Role of Trpv1 and Trpv4 in surgical incision-induced tissue swelling and Fos-like immunoreactivity in the central nervous system of mice.

Pain management remains a major concern regarding the treatment of postoperative patients. Transient receptor potential (TRP) channels are considered to be new therapeutic targets for pain control. We investigated whether the genes Trpv1 and Trpv4 are involved in hind paw swelling caused after surgical incision in mice or in incision-induced Fos-like immunoreactivity (Fos-LI) levels in the central nervous system. Mice were divided into four groups: wild-type (WT) control, WT incision, Trpv1 knockout (Trpv1-/-) incision, and Trpv4 knockout (Trpv4-/-) incision. Mice were anesthetized, and only those in the incision, and not control, groups received a surgical incision to their right plantar hind paw. Changes in paw diameter and in Fos-LI levels in the dorsal horn of the spinal cord, paraventricular nucleus of the hypothalamus (PVN), paraventricular nucleus of the thalamus, and central amygdala were evaluated 2 h after the incision.

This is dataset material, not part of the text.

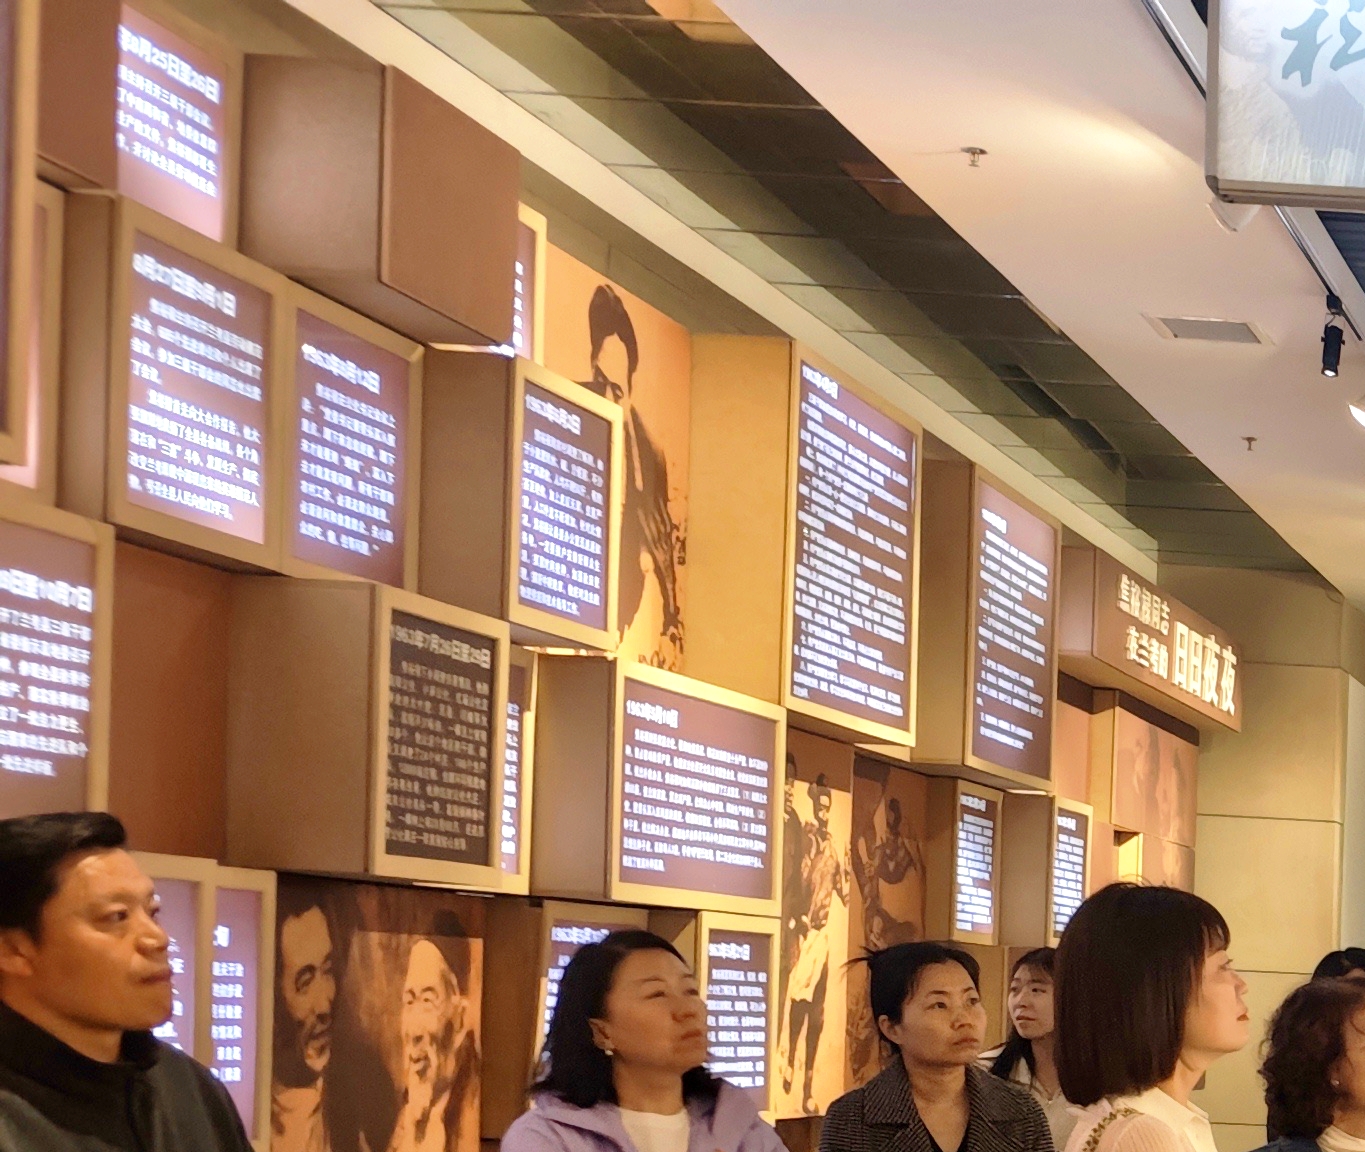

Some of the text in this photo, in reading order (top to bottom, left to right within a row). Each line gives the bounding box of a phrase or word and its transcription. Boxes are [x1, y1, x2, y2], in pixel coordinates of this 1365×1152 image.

There was no significant difference in the paw diameter among groups. In contrast, in laminae I-II of the dorsal horn of the spinal cord and PVN, Fos-LI was significantly higher in all incision groups than in the WT control group. A significant increase in Fos-positive cells was also observed in the dorsal horn laminae III-IV in Trpv1-/- and Trpv4-/- incision groups compared with the WT incision group. Our results indicate that surgical incision activates the PVN and that Trpv1 and Trpv4 might be involved in neuronal activity in the dorsal horn laminae III-IV after surgical incision.